Details of the financial results of Bord na Móna plc for the period 29 March 2012 to 27 March 2013 are given here.

Directors

Policy in Bord na Móna is determined by a twelve member Board appointed by the Minister for Communications, Energy and Natural Resources. Seven of the Directors are normally appointed for a term of five years. Four of the Directors are appointed for a term of four years, in accordance with the Worker Participation (State Enterprises) Acts 1977 and 1988. The Managing Director is appointed to the Board on appointment to that position. The names of the persons who were Directors during the period are set out below.

John Horgan, Chairman
Gabriel D’Arcy, Managing Director
Paudge Bennett
Denise Cronin
Paddy Fox
Fergus McArdle - term of office expired on 26 September 2012
Pat McEvoy
Gerard O’Donoghue - appointed as a Director with effect from 2 October 2012
Colm Ó Gógáin
Rory Scanlan - term of office expired on 13 June 2012
David Taylor
Elaine Treacy - appointed as a Director with effect from 17 July 2012
Barry Walsh - appointed as a Director with effect from 16 October 2012
Peter Wyer - term of office expired on 1 May 2013

Corporate Governance

As part of its commitment to quality the Group has continued to implement best practice in relation to the conduct of its business and in relation to financial and general reporting. The Group complies with the provisions of the Department of Finance’s ‘Code of Practice for the Governance of State Bodies’ updated in 2009 (‘the Code’). The Code sets out the governance framework agreed by Government for the internal management and the internal and external reporting relationships of Commercial State Bodies. Bord na Móna has applied the principles of good corporate governance and conforms, as far as possible, and on a voluntary basis to the 2010 UK Corporate Governance Code and to the Irish Corporate Governance Annex.

The Board

The Board is responsible for overseeing and directing the Bord na Móna Group and ensuring its long-term success. Decisions are made after appropriate information has been made available to Board members and with due consideration of the risks identified through the risk management process.

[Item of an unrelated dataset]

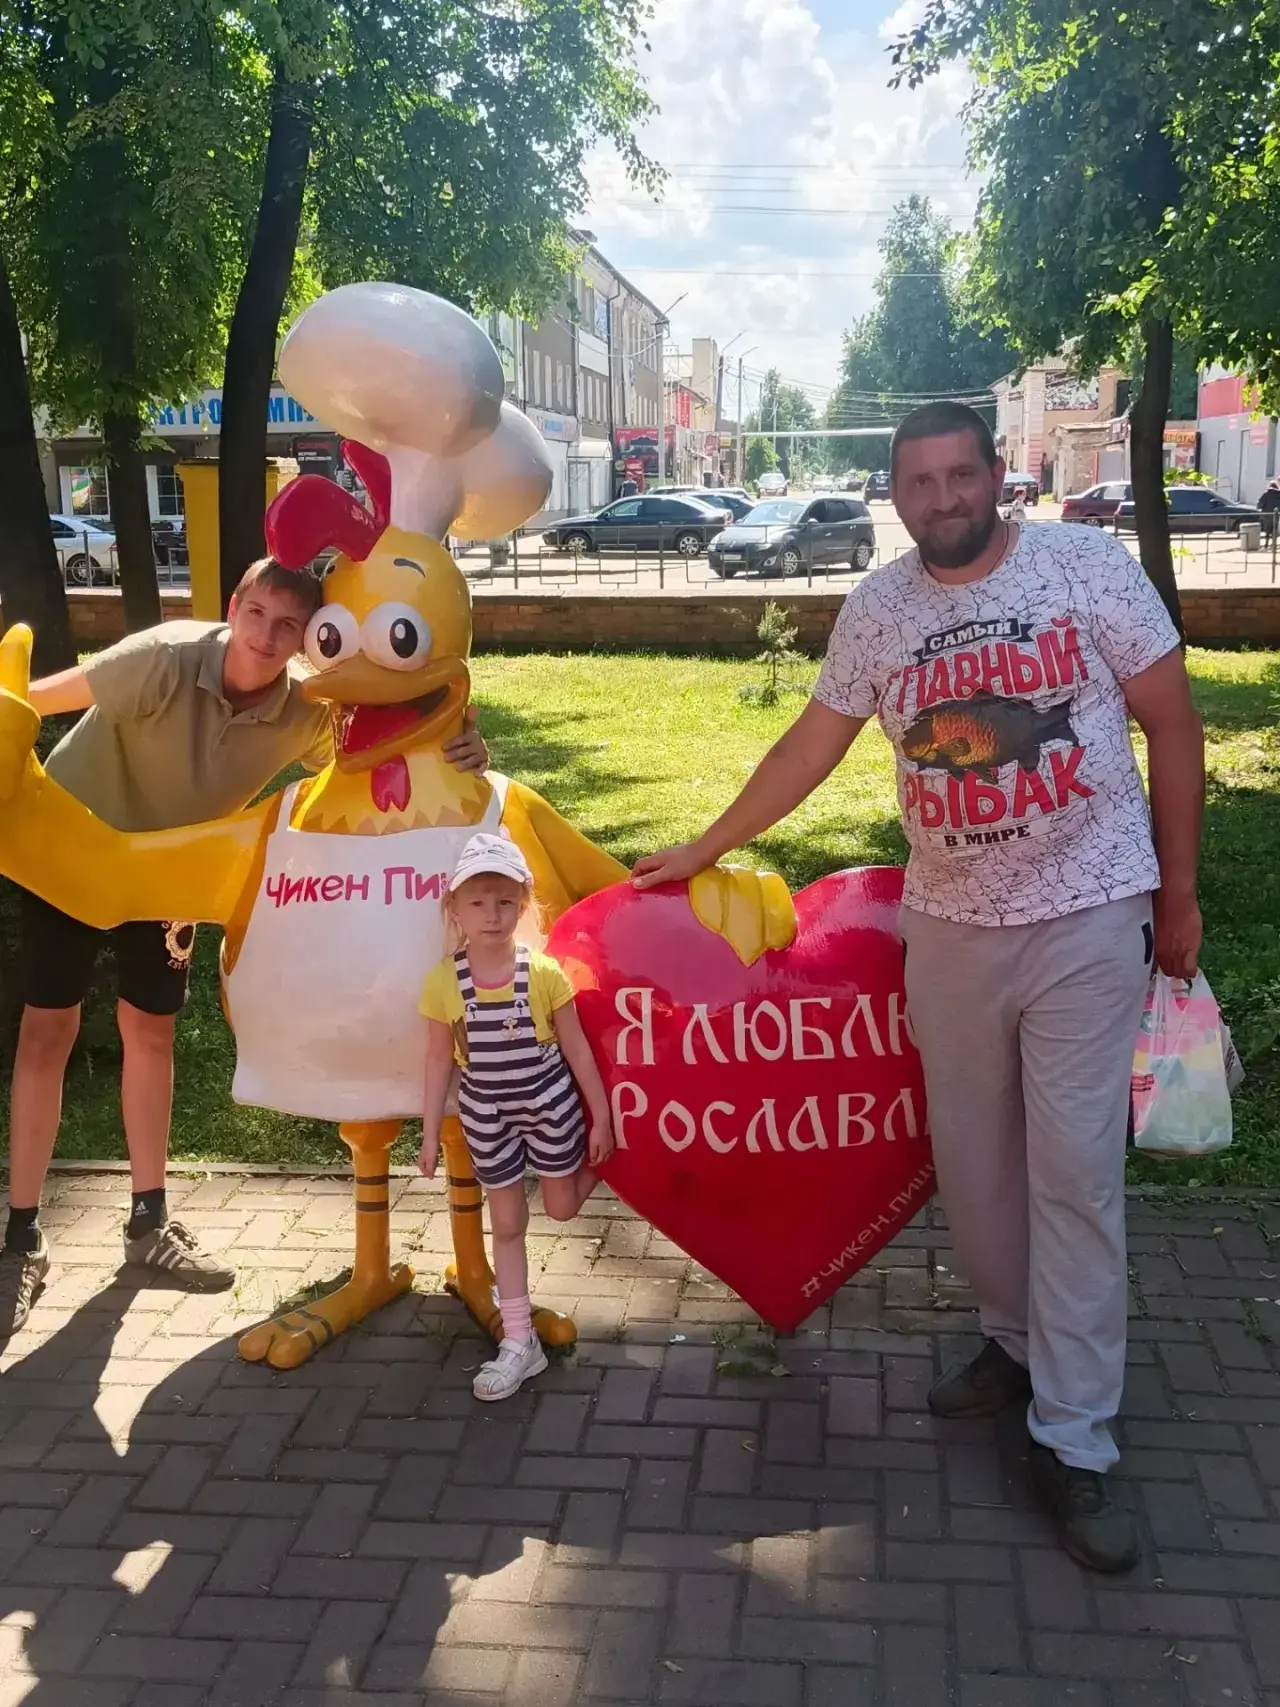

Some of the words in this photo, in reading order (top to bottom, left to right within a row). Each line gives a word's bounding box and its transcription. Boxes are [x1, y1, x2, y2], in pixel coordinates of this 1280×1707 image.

The Board has reserved a schedule of matters for its decision, including:

The Board is provided with regular information on a timely basis which includes key performance indicators for all areas of the business. Reports and papers are circulated to the Directors in preparation for Board and Committee meetings.

All members of the Board have access to the advices and services of the Company Secretary who is responsible to the Board for ensuring that Board procedures are complied with. The Group’s professional advisers are available for consultation by Directors as required. Individual Directors may take independent professional advice in line with specified procedures.

Each Director received appropriate briefing on being appointed to the Board and access to training is provided by the Group during a Director’s term of office.

The Board has agreed and implemented a process for evaluating its performance.

The Board and Management maintain an ongoing dialogue with shareholders on strategic issues.

Remuneration of Directors

Fees for Directors are determined by the Government and set out in writing by the Minister for Communications, Energy and Natural Resources.

Board Meetings

The Board met 14 times during the financial year.

Committees of the Board

There are four standing Committees of the Board which operate under formal terms of reference.

The members of the Risk and Audit Committee as at 27 March 2013 were Peter Wyer (Chairman), Denise Cronin and Barry Walsh. Robert Dix acted as an adviser to the Committee until 31 January 2013. The Committee met six times during the financial year. The Committee meets periodically with the internal auditor and the external auditors to discuss the Group’s internal accounting controls, the internal audit function, the choice of accounting policies and estimation techniques, the external audit plan, the statutory audit report, financial reporting and other related matters. The internal auditor and external auditors have unrestricted access to the Risk and Audit Committee. The Chairman of the Committee reports to the Board on all significant issues considered by the Committee and the minutes of its meetings are circulated to all Directors.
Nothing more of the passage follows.